WORK TASK: The entries that follow must be written out exactly, without any of the pictures they contain.

BEGIN

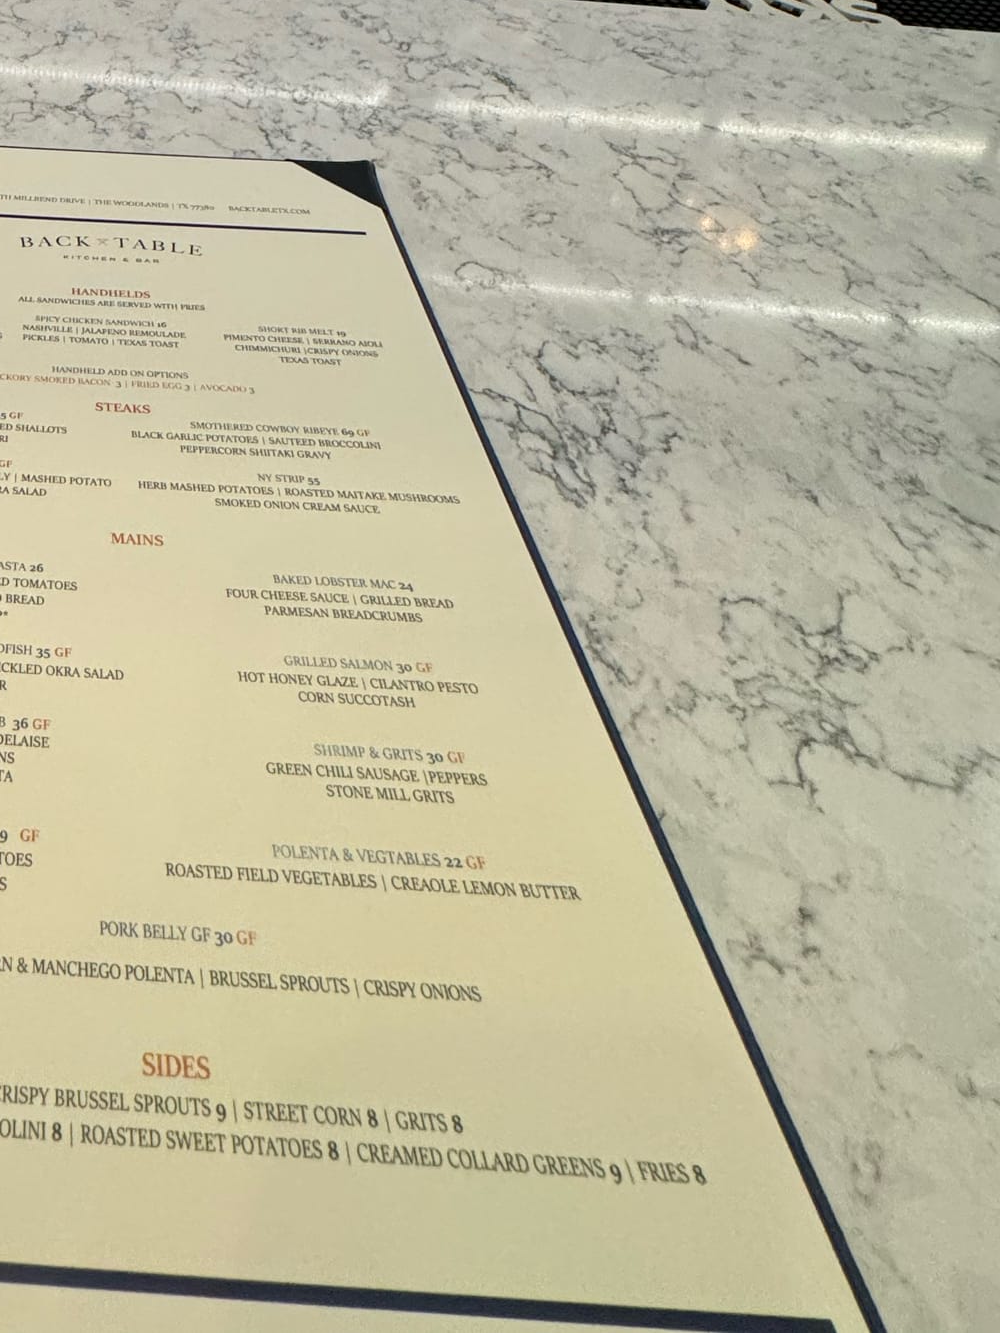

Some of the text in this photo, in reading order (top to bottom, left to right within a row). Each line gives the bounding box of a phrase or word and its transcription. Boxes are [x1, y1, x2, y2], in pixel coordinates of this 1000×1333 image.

[19, 235, 202, 256] BACK TABLE
[62, 254, 116, 262] KITCHEN
[71, 287, 151, 299] HANDHELDS
[17, 295, 206, 311] ALL SANDWICHES ARE SERVED WITH FRIES
[35, 314, 61, 323] SPICY
[61, 316, 103, 325] CHICKEN
[105, 318, 155, 328] SANDWICH
[94, 401, 151, 414] STEAKS
[256, 473, 321, 486] NY STRIP 55
[110, 531, 164, 547] MAINS
[29, 562, 44, 573] 26
[272, 573, 414, 593] BAKED LOBSTER MAC 24
[19, 828, 40, 842] GF
[142, 1052, 211, 1081] SIDES
[54, 1088, 130, 1112] BRUSSEL
[133, 1093, 212, 1118] SPROUTS
[215, 1103, 227, 1123] 9
[243, 1100, 308, 1125] STREET
[313, 1105, 363, 1127] CORN
[366, 1108, 379, 1128] 8
[394, 1110, 449, 1134] GRITS
[451, 1114, 464, 1134] 8

END

PROBLEM SOLUTION:
Some of the text in this photo, in reading order (top to bottom, left to right within a row). Each line gives the bounding box of a phrase or word and its transcription. Boxes are [x1, y1, x2, y2], in pixel coordinates of this 1000×1333 image.

[19, 235, 202, 256] BACK TABLE
[62, 254, 116, 262] KITCHEN
[71, 287, 151, 299] HANDHELDS
[17, 295, 206, 311] ALL SANDWICHES ARE SERVED WITH FRIES
[35, 314, 61, 323] SPICY
[61, 316, 103, 325] CHICKEN
[105, 318, 155, 328] SANDWICH
[94, 401, 151, 414] STEAKS
[256, 473, 321, 486] NY STRIP 55
[110, 531, 164, 547] MAINS
[29, 562, 44, 573] 26
[272, 573, 414, 593] BAKED LOBSTER MAC 24
[19, 828, 40, 842] GF
[142, 1052, 211, 1081] SIDES
[54, 1088, 130, 1112] BRUSSEL
[133, 1093, 212, 1118] SPROUTS
[215, 1103, 227, 1123] 9
[243, 1100, 308, 1125] STREET
[313, 1105, 363, 1127] CORN
[366, 1108, 379, 1128] 8
[394, 1110, 449, 1134] GRITS
[451, 1114, 464, 1134] 8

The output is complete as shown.